Faiz Qureshy was born in Wembley, London. In 1998 he left the UK to study in Damascus, Syria, focusing on the Arabic language, Grammar, Morphology, Rhetoric, Tajwid and Hadith nomenclature. In 2001 he furthered his studies in Dar al-Mustafa, Hadramaut, Yemen. Whilst there he studied several disciplines including Jurisprudence, Arabic, Logic, Legal Theory, Hadith, Spirituality and Theology. His teachers include Shaykh Salim b. Ahmad al-Khatib, Habib Kazim al-Saqqaf, Habib Hashim b. Sahl, and Shaykh Muhammad Amin al-Chinquite and the noble Habib ‘Umar b. Hafiz.

Since returning to the UK in 2006 he has taught for a number of educational initiatives across the UK alongside working as a project worker for almost three years with long-term sufferers of mental illnesses in inner London.

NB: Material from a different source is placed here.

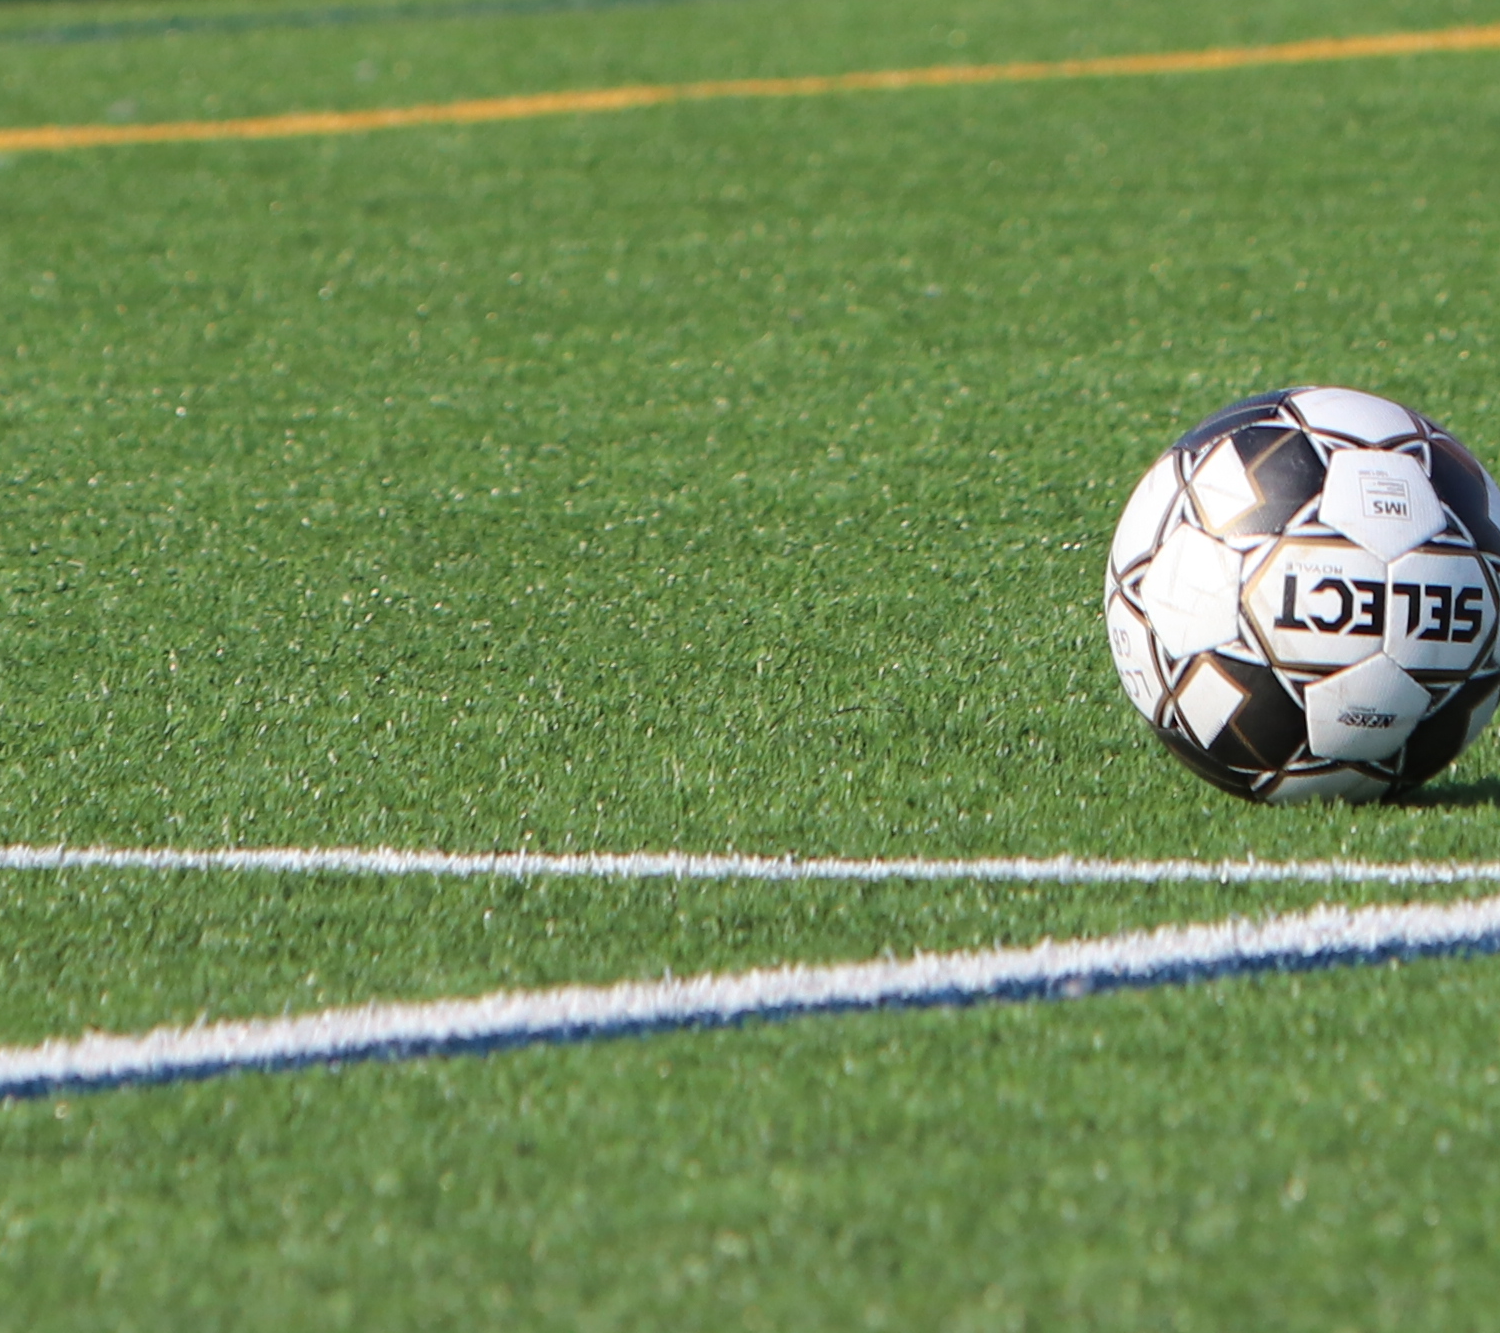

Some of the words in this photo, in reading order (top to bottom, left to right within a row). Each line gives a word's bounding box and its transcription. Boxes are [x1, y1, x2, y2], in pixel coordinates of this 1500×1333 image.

[1373, 501, 1407, 516] IMS
[1285, 563, 1342, 575] ROYALE
[1274, 575, 1483, 642] SELECT

He established the Ribat Institute in 2009 focusing on educational & community projects including forming a partnership with the Ihsan Foundation in Sierra Leone, West Africa.
 
Since 2009 he has been the Imam to Broadmoor Hospital working with some of the most challenging incarcerated patients in the UK.

Yasser Ahmed Qureshi

Being initially inspired to travel the path of sacred knowledge by Shaykh Hamza Yusuf and Habib Ali al-Jifri in the late 90’s, Ustadh Yasser Qureshi studied in traditional Islamic seminaries in Syria, following the long established curriculum of Islamic sciences, graduating first in his Arabic and Islamic Studies program. In addition to being formally trained in a number of Islamic sciences during his seminary studies, he further augmented his Islamic education with more focussed private instruction in Arabic grammar and its ancillary sciences, Qur’anic recitation, Hadith, and Islamic Law.

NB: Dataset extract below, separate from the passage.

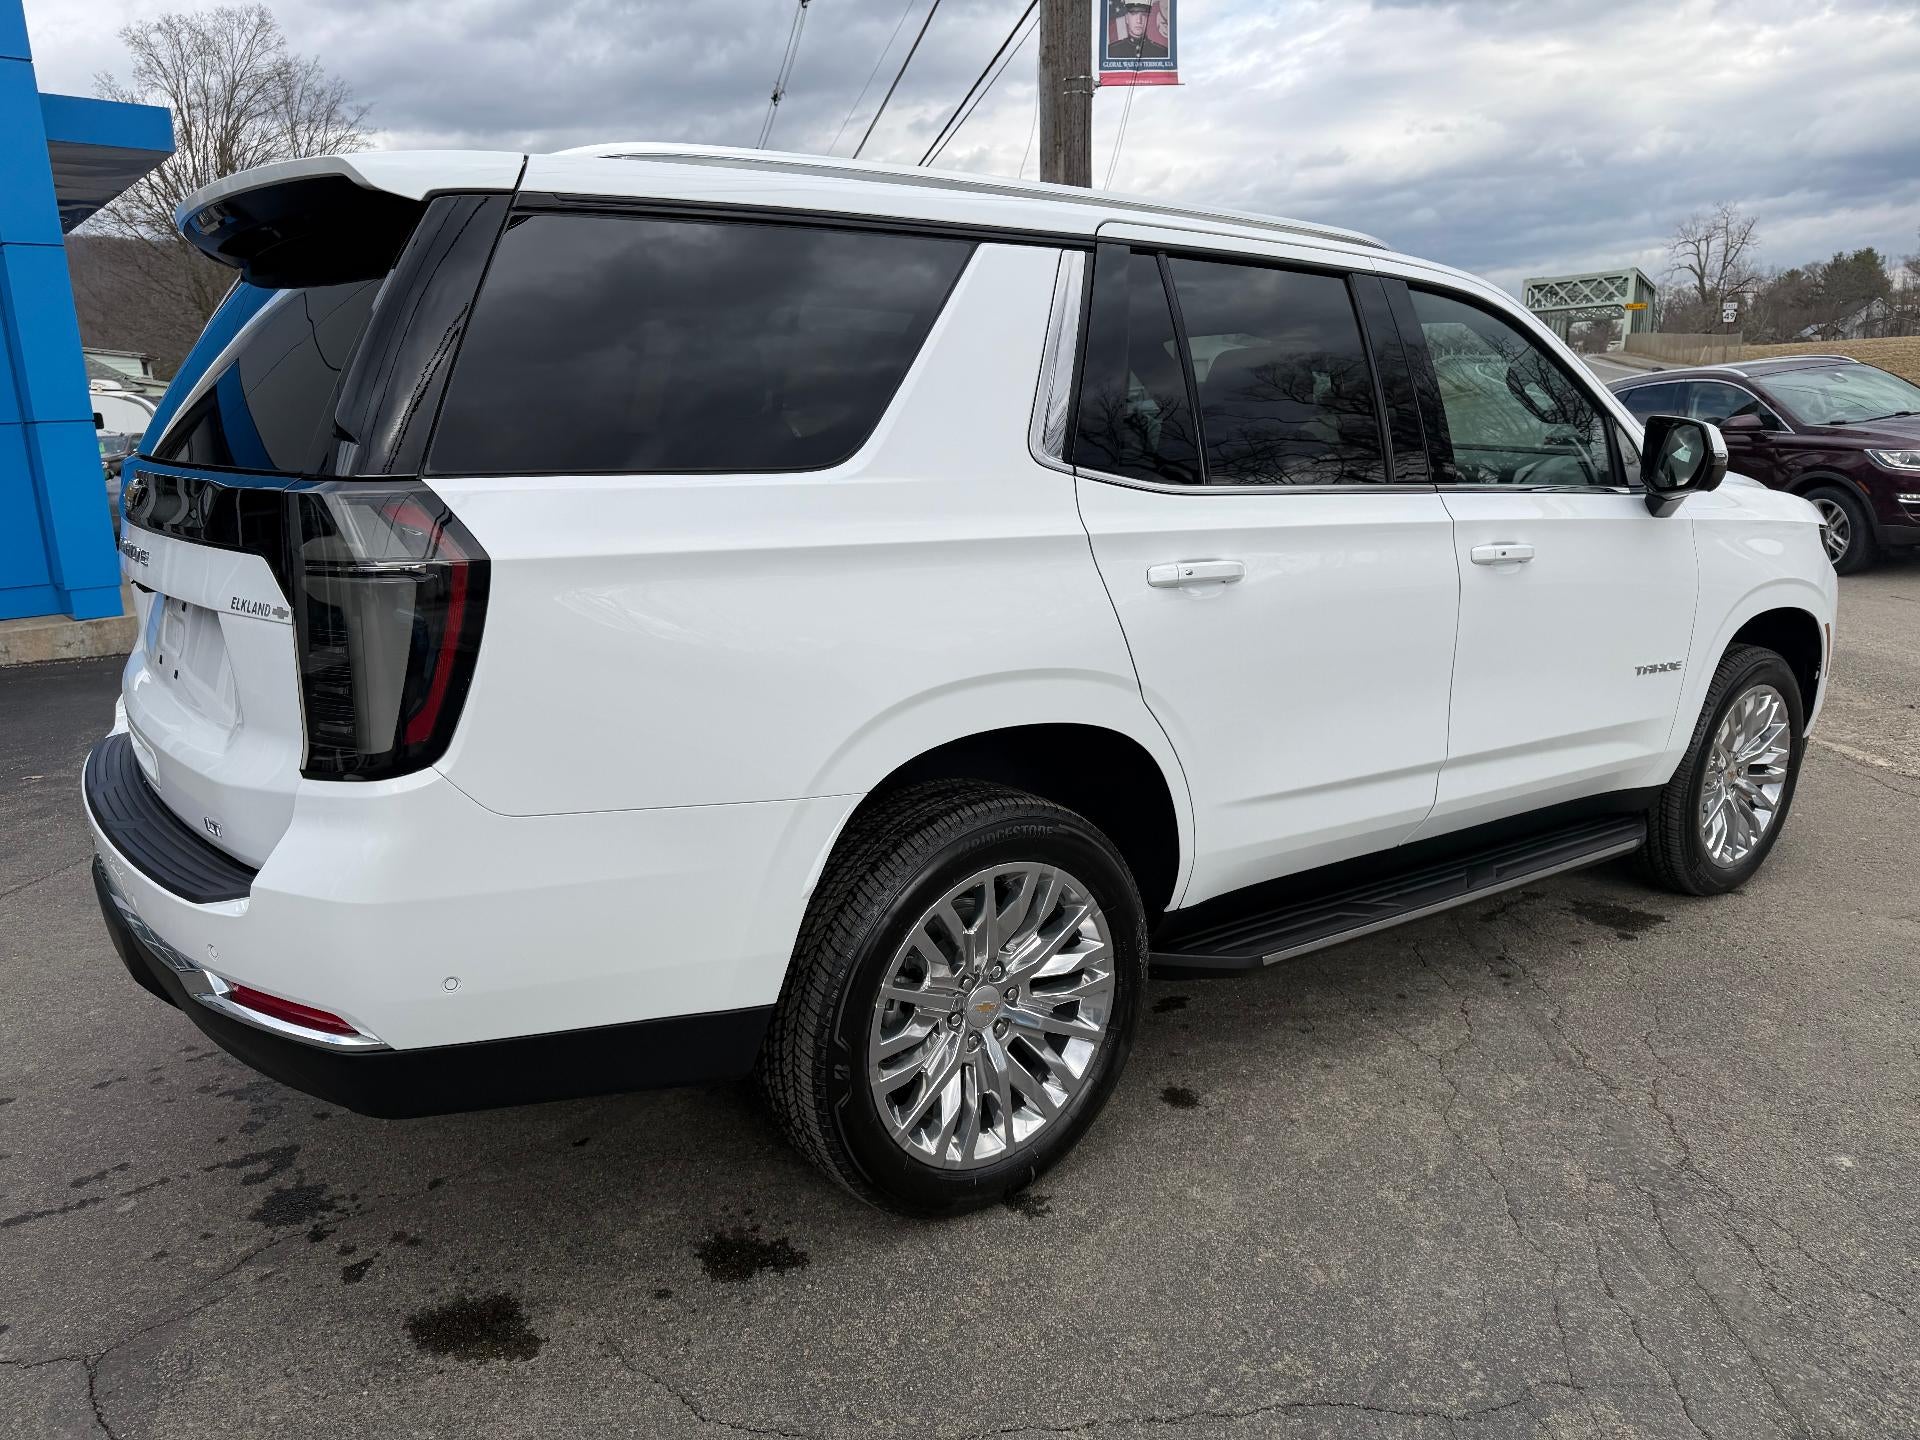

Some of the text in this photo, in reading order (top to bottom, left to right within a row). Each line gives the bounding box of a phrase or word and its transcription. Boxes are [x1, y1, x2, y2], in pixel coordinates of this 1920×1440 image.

Since then, he has received an MA in Medieval Arabic Thought and is currently studying for a PhD in Philosophical Theology at the University of Cambridge in collaboration with Dr Tim Winter. His thesis considers some key conceptual doctrines of the early Ash‘ari school.

Ustadh Yasser Qureshi currently teaches at the Ribat Institute in Woking, and online as part of al-Maqasid. In addition, he convenes and teaches modules on Western Intellectual History and Logic and Critical Thinking at the Cambridge Muslim College.